Марина Цветаева - Стихотворения 1916-1920 годов
…Так, руки заложив в карманы,
Стою. Меж нами океан.
Над городом — туман, туман.
Любви старинные туманы.
19 августа 1917
«Из Польши своей спесивой…»
Из Польши своей спесивой
Принес ты мне речи льстивые,
Да шапочку соболиную,
Да руку с перстами длинными,
Да нежности, да поклоны,
Да княжеский герб с короною.
— А я тебе принесла
Серебряных два крыла.
20 августа 1917
«Молодую рощу шумную…»
Молодую рощу шумную —
Дровосек перерубил.
То, что Господом задумано —
Человек перерешил.
И уж роща не колышется —
Только пни, покрыты ржой.
В голосах родных мне слышится
Темный голос твой чужой.
Все мерещатся мне дивные
Темных глаз твоих круги.
— Мы с тобою — неразрывные,
Неразрывные враги.
20 августа 1917
«С головою на блещущем блюде…»
С головою на блещущем блюде
Кто-то вышел.
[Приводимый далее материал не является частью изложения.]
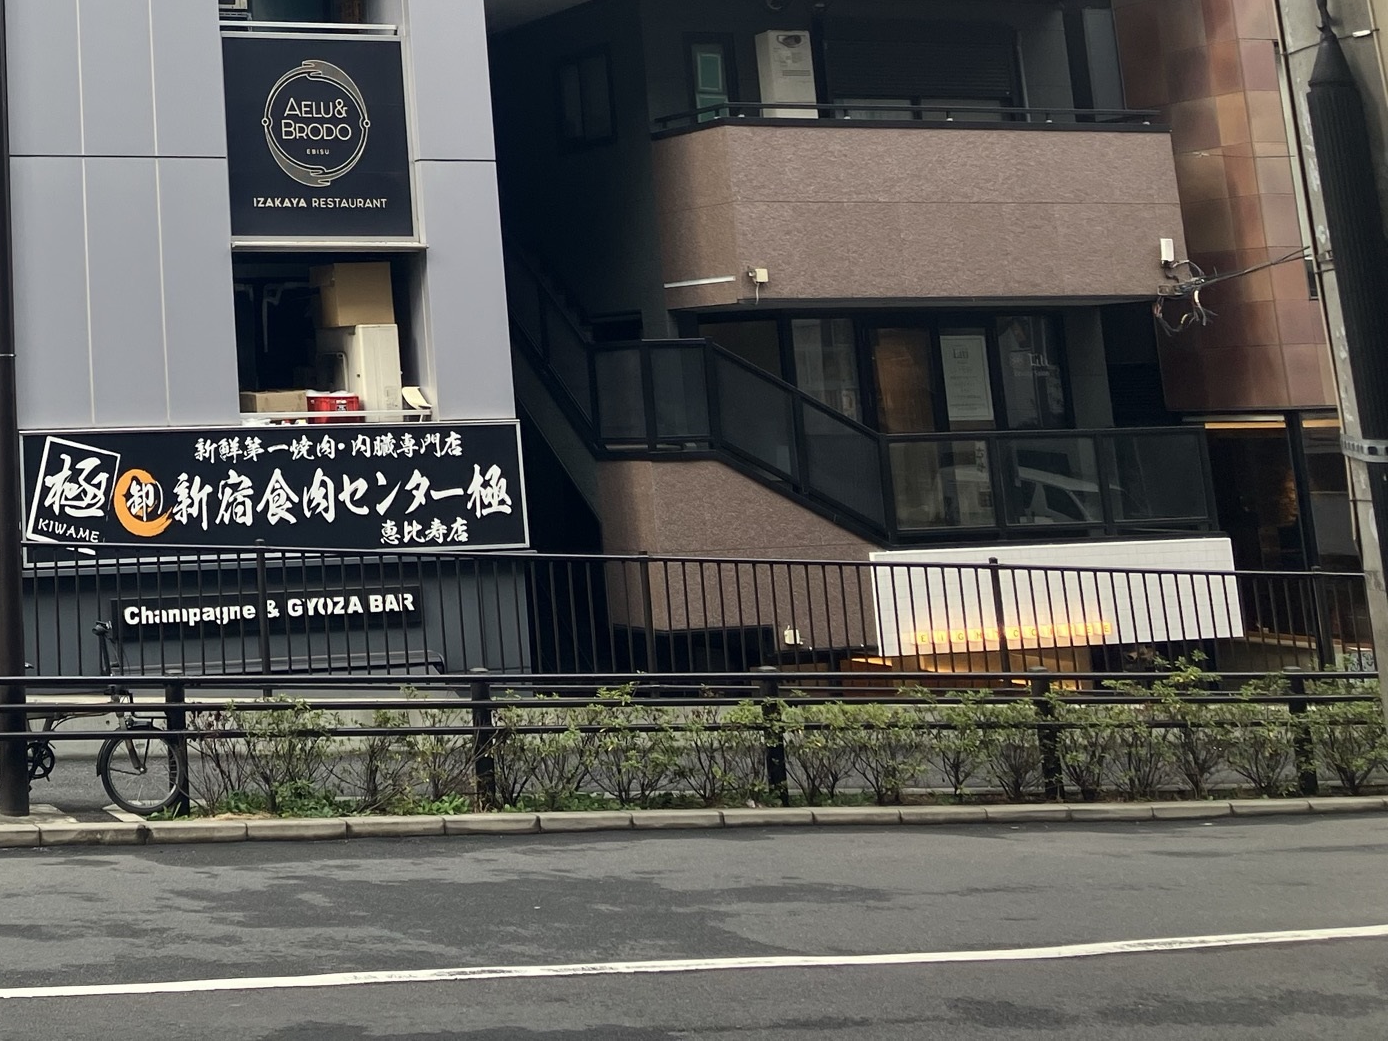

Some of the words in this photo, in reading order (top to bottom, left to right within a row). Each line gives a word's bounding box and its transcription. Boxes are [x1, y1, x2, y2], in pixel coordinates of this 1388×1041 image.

Не я ли сама?
На груди у меня — мертвой грудою —
Целый город, сошедший с ума!
А глаза у него — как у рыбы:
Стекленеют, глядят в небосклон,
А над городом — мертвою глыбой —
Сладострастье, вечерний звон.
22 августа 1917
«Собрались, льстецы и щеголи…»
Собрались, льстецы и щеголи,
Мы не страсти праздник праздновать.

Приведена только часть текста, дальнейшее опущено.